Emzirmenin; besinin ötesinde olduğu için anne ve bebek arasında ruhsal bir bağa neden olduğunu dile getiren Gönen, sözlerine şöyle devam etti:
“Emzirme bebeğin dünya ile kurduğu güvenli bağın başlangıcı. Bu bağın sekteye uğraması sadece bebeği değil, anneyi de etkilemektedir. Anne kendini yetersiz hissetmeye başlıyor. Annelik hormonlarının güçlü olduğu bu ilk günlerde anne depresif olabilirken bebek ise bu bağı kuramadığı için güveni ilk etapta sarsılabiliyor. Bebek annenin göğsünde güvenli hissediyor. Solunumu, kalp atımı daha stabil oluyor. Bu anlamda emzirmenin desteklenmesi gerektiğine inanıyorum ve buna gönül verdim. Bu çerçevede emzirme eğitimleri veriyorum. Nasıl ki doğuma hazırlanmamız gerekiyorsa, nasıl ki hamilelik döneminde doktora gidiyorsak, aynı şekilde annelerin de emzirmeye hazırlanması gerekiyor. Emzirme süreci, uzun soluklu bir süreç olup, bu süreç iki yaşına ve iki yaşın ötesine kadar süren bir süreç. Bu nedenle anne de ilk günlerde zorlandığı için mamalar, biberonlar, emzikler, sular ve benzeri gıdalar kullanmaya başlıyorlar. Bu nedenle emzirmede sekteye uğruyor.

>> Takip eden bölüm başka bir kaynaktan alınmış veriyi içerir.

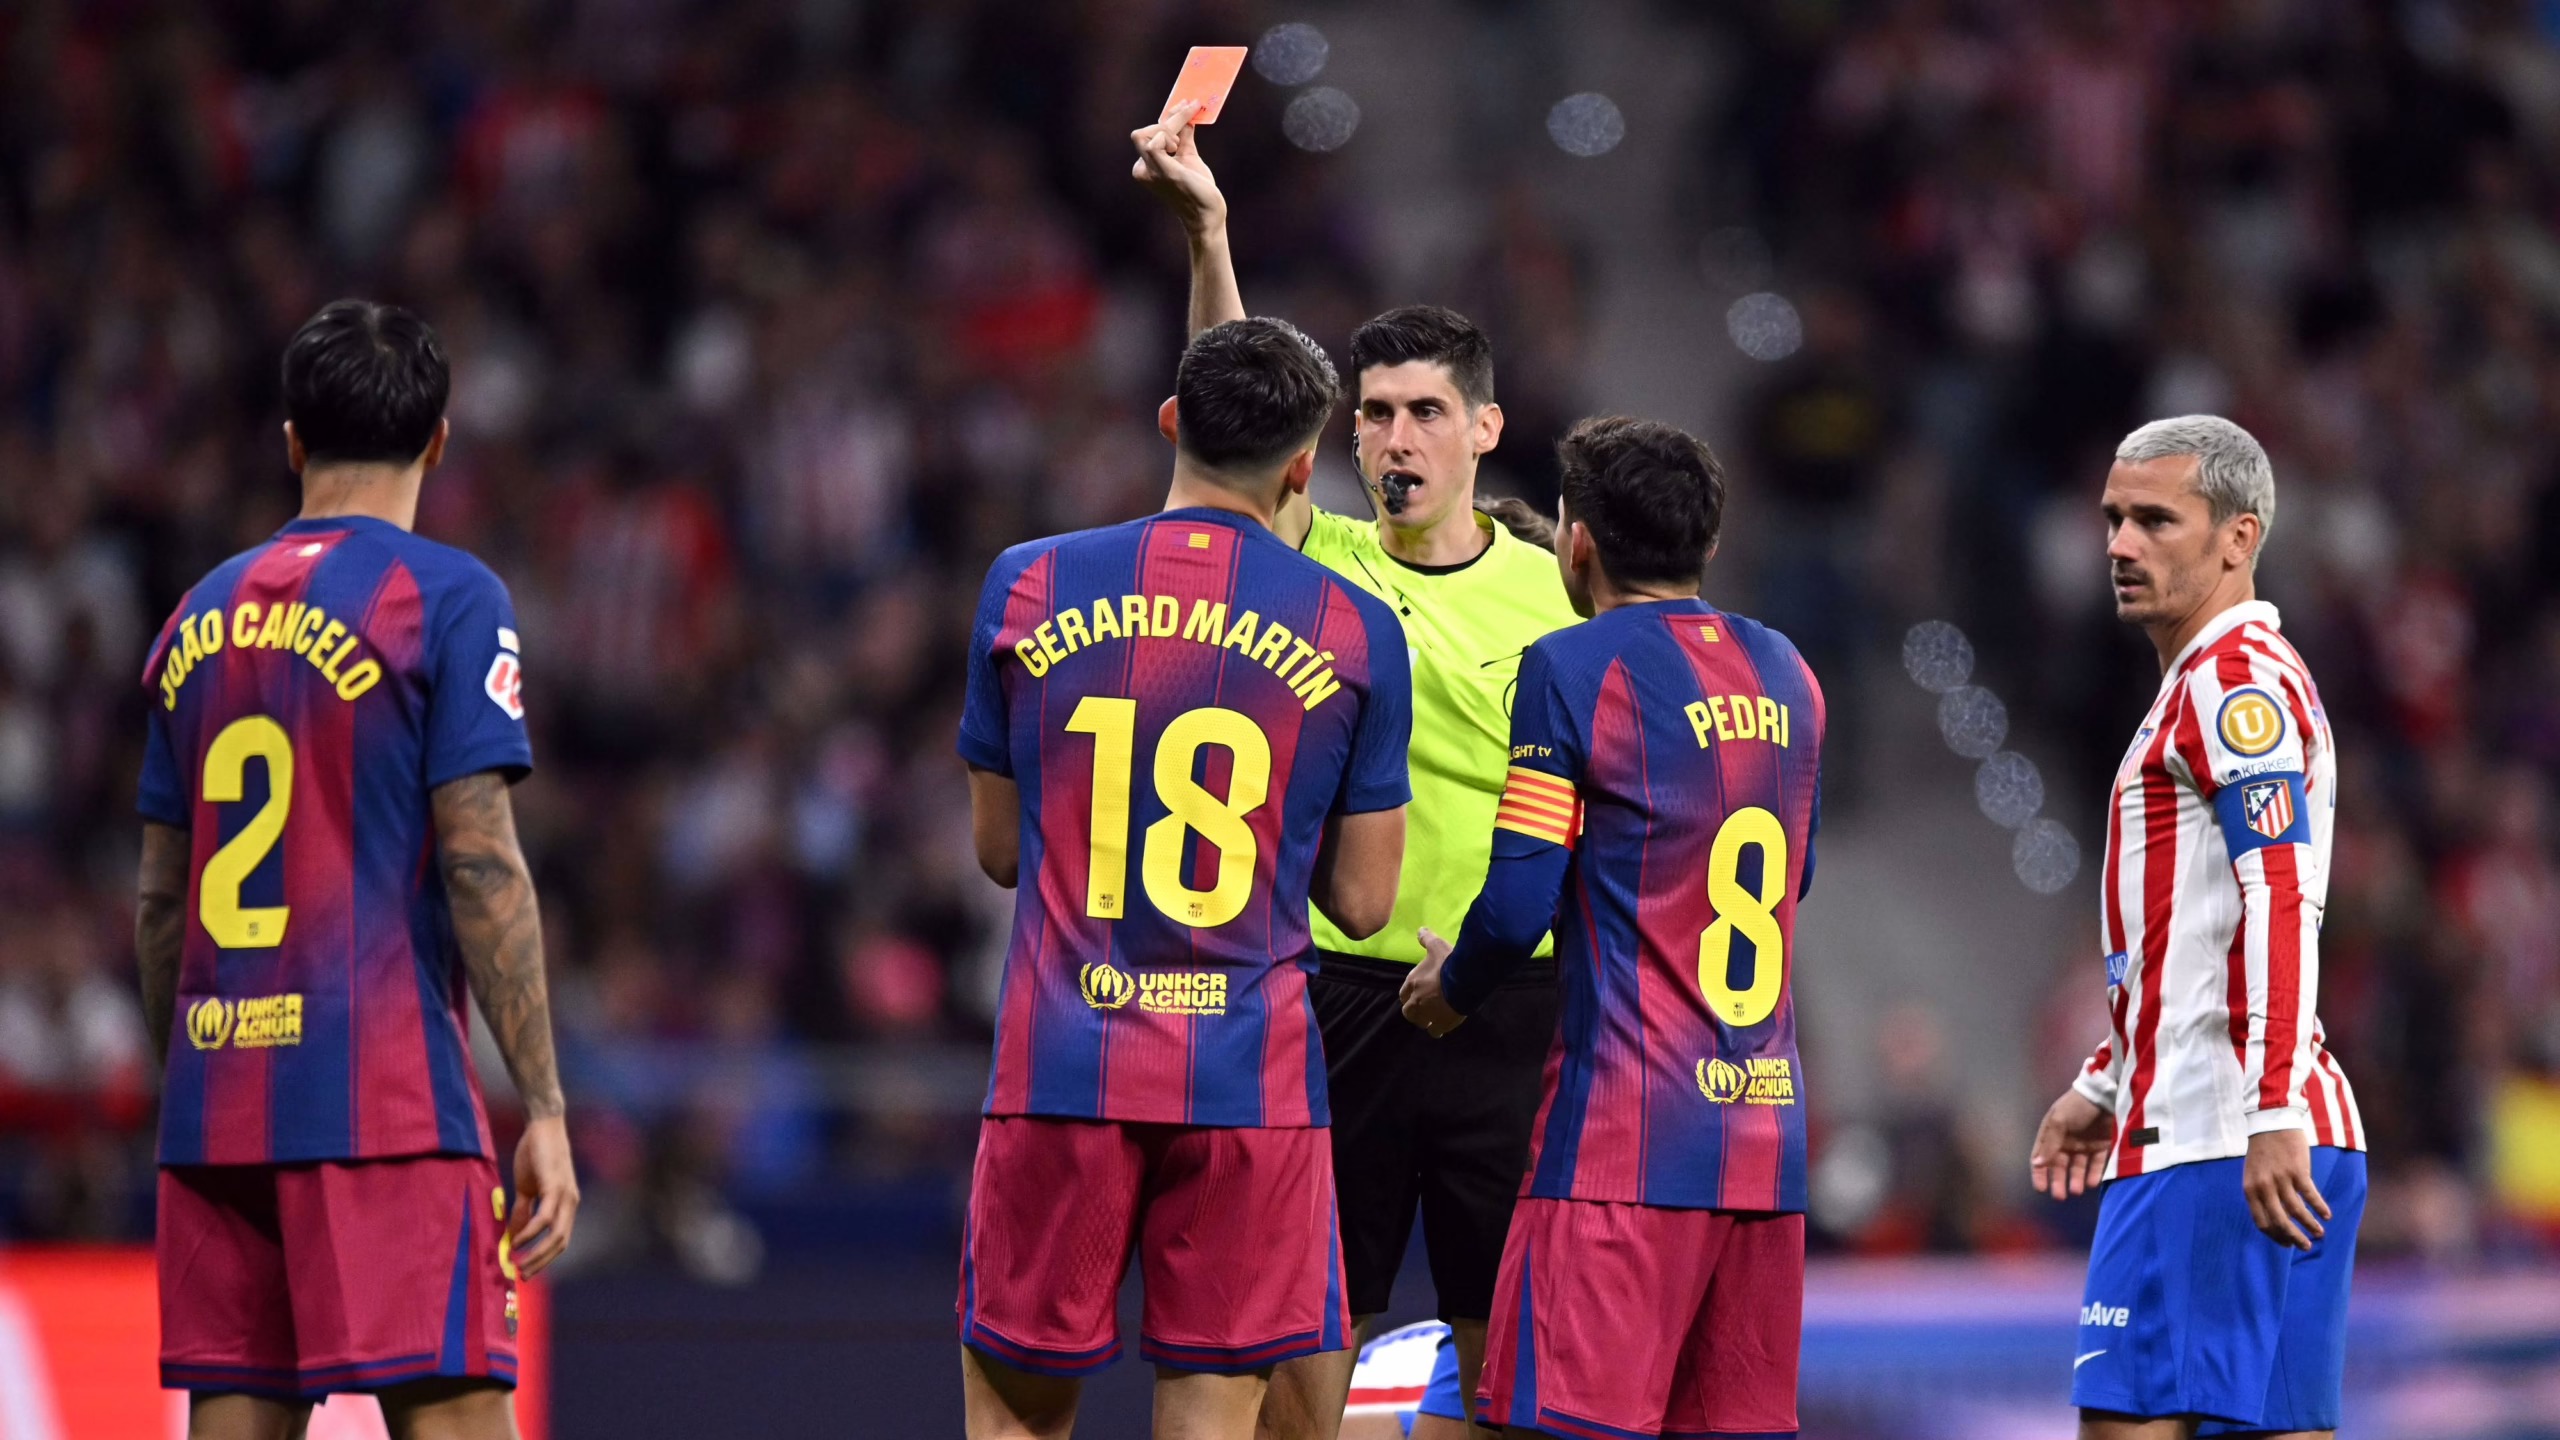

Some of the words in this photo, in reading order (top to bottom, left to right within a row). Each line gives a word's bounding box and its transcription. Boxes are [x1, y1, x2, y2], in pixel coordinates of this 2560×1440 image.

[160, 608, 225, 712] JOÃO
[232, 601, 382, 701] CANCELO
[1014, 594, 1180, 678] GERARD
[1182, 598, 1341, 712] MARTÍN
[1684, 694, 1789, 748] PEDRI
[1537, 745, 1552, 757] tv
[1064, 696, 1272, 928] 18
[199, 714, 294, 949] 2
[1697, 806, 1787, 1027] 8
[1139, 973, 1228, 991] UNHCR
[236, 993, 302, 1019] UNHCR
[1138, 990, 1227, 1007] ACNUR
[1154, 1006, 1166, 1014] UN
[1197, 1007, 1226, 1016] Agency
[233, 1016, 302, 1041] ACNUR
[1745, 1058, 1791, 1078] UNHCR
[1745, 1077, 1794, 1097] ACNUR
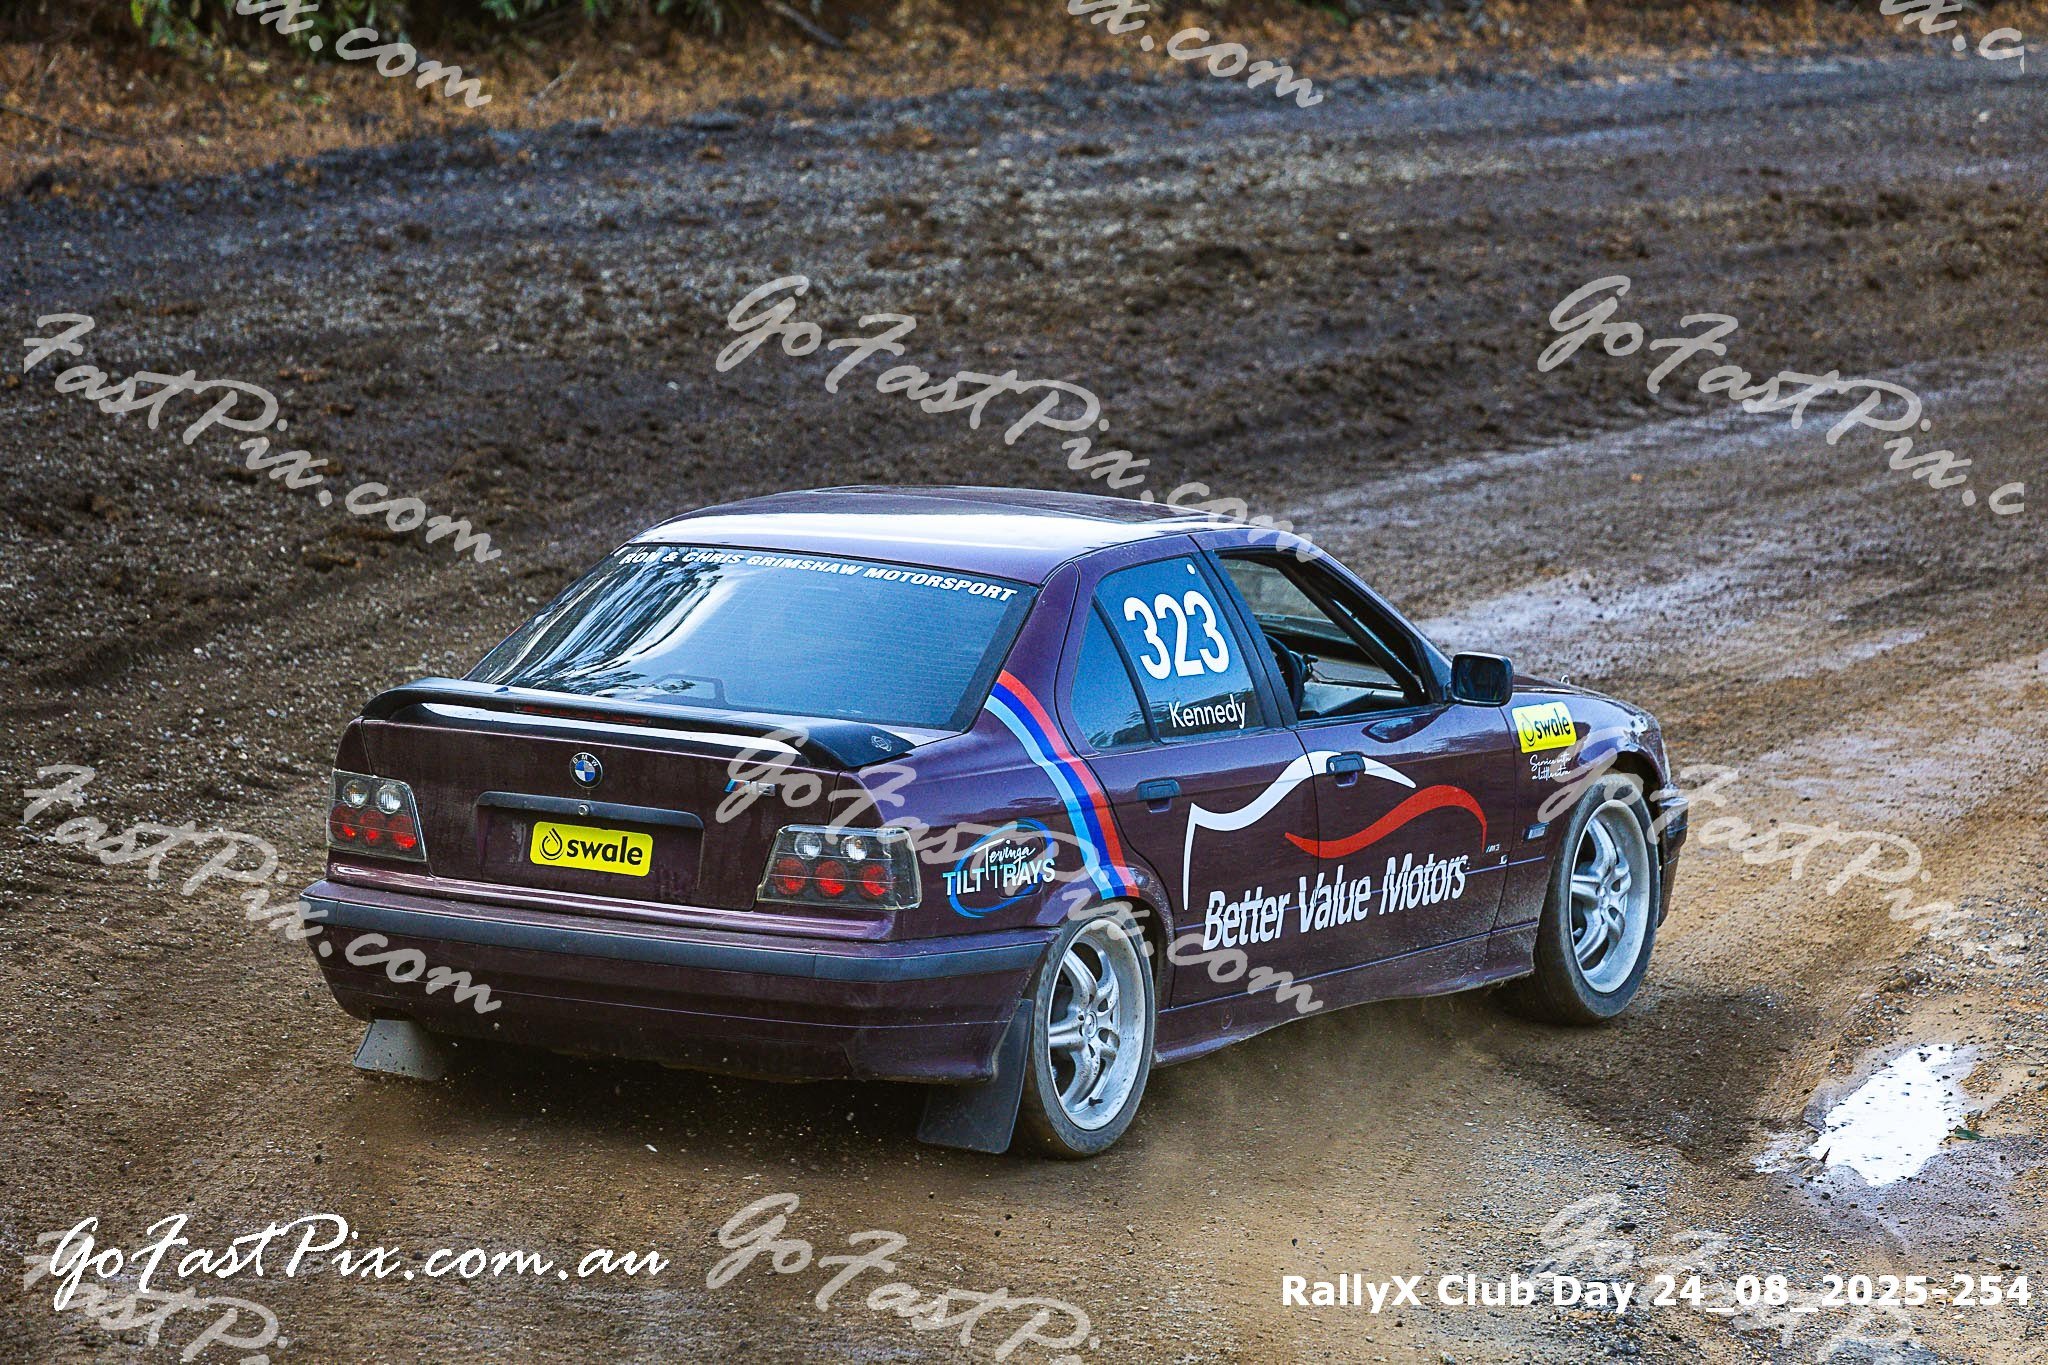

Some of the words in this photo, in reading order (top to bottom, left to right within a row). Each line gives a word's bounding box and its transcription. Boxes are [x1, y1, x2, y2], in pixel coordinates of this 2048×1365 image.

[619, 551, 663, 565] RON
[662, 551, 678, 563] &
[681, 551, 744, 564] CHRIS
[746, 556, 863, 576] GRIMSHAW
[862, 567, 1018, 602] MOTORSPORT
[1123, 590, 1230, 680] 323
[1168, 694, 1246, 729] Kennedy
[1534, 707, 1571, 739] swale
[566, 836, 643, 866] swale
[942, 867, 985, 896] TILT
[990, 858, 1056, 889] TRAYS
[1202, 886, 1291, 951] Better
[1298, 864, 1371, 933] Value
[1378, 852, 1468, 915] Motors
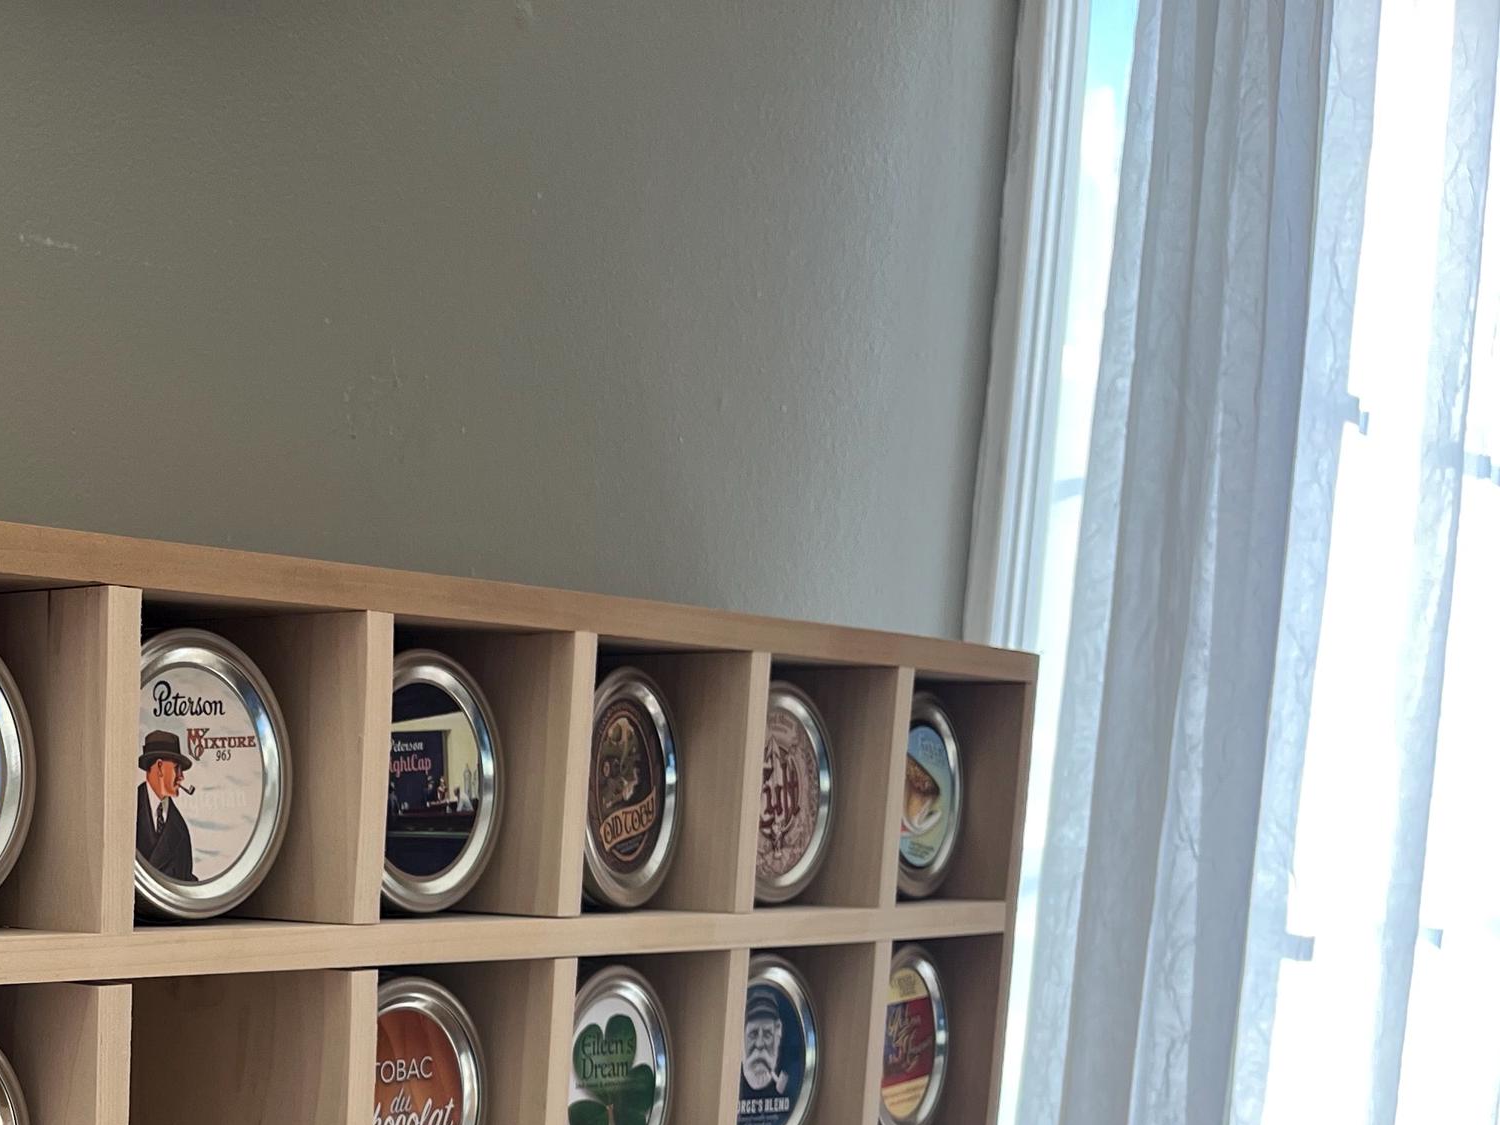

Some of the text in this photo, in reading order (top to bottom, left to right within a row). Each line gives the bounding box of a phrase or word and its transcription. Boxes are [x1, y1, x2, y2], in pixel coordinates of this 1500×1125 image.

Anne emzirme eğitimi alırsa ilk günlerde karşılaşacağı sorunların farkında olur ve ona göre doğru davranışlar sergileyebilir. Bu anlamda emzirme eğitimlerinin önceden alınması çok önemlidir.”
"Emzirme eğitimlerinin 18 ila 34’üncü hafta arasında alınması gerekir"
Bebeklerin 37 ve 42’nci haftalarda doğabildiğini dile getiren Gönen, bu nedenle eğitimlerin hamileliğin 18’inci haftası ile 34’üncü haftası arasında alınması gerektiğini söyledi. Annelerin doğumdan sonra emzirme problemi ile karşı karşıya kalmaması içinde tavsiyelerde bulunan Gönen, “Şunu bilmelerini isterim ki, bunu tek başlarına yönetmek zorunda değiller. Zaten lohusalık ruhsal ve bedensel olarak yoğun ve yorucu süreç. Bu kafa karışıklığında bir sürü gereksiz uygulamalar ve yöntemler için maddi ve manevi sarf yapmadan önce emzirme uzmanı ile görüşmelerini öneririm. Emzirme danışmanının önerileriyle doğru uygulamaları yapmaları anneleri ve bebekleri rahatlatacaktır” dedi.
Tüm dünyada etkili olan korona virüs pandemisi sürecinde hastalık geçiren annelerin bebeklerini emzirebildiğine dikkat çeken Gönen, “Burada hijyen kurallarının olması önemlidir. Annenin maske takıyor olması, elini yıkaması ve memesini de temizlemesi gerekir. Bunun dışında korona virüsün emzirmeyle geçmediğini görüyoruz. Bu da çok güzel bir durumdur” şeklinde konuştu.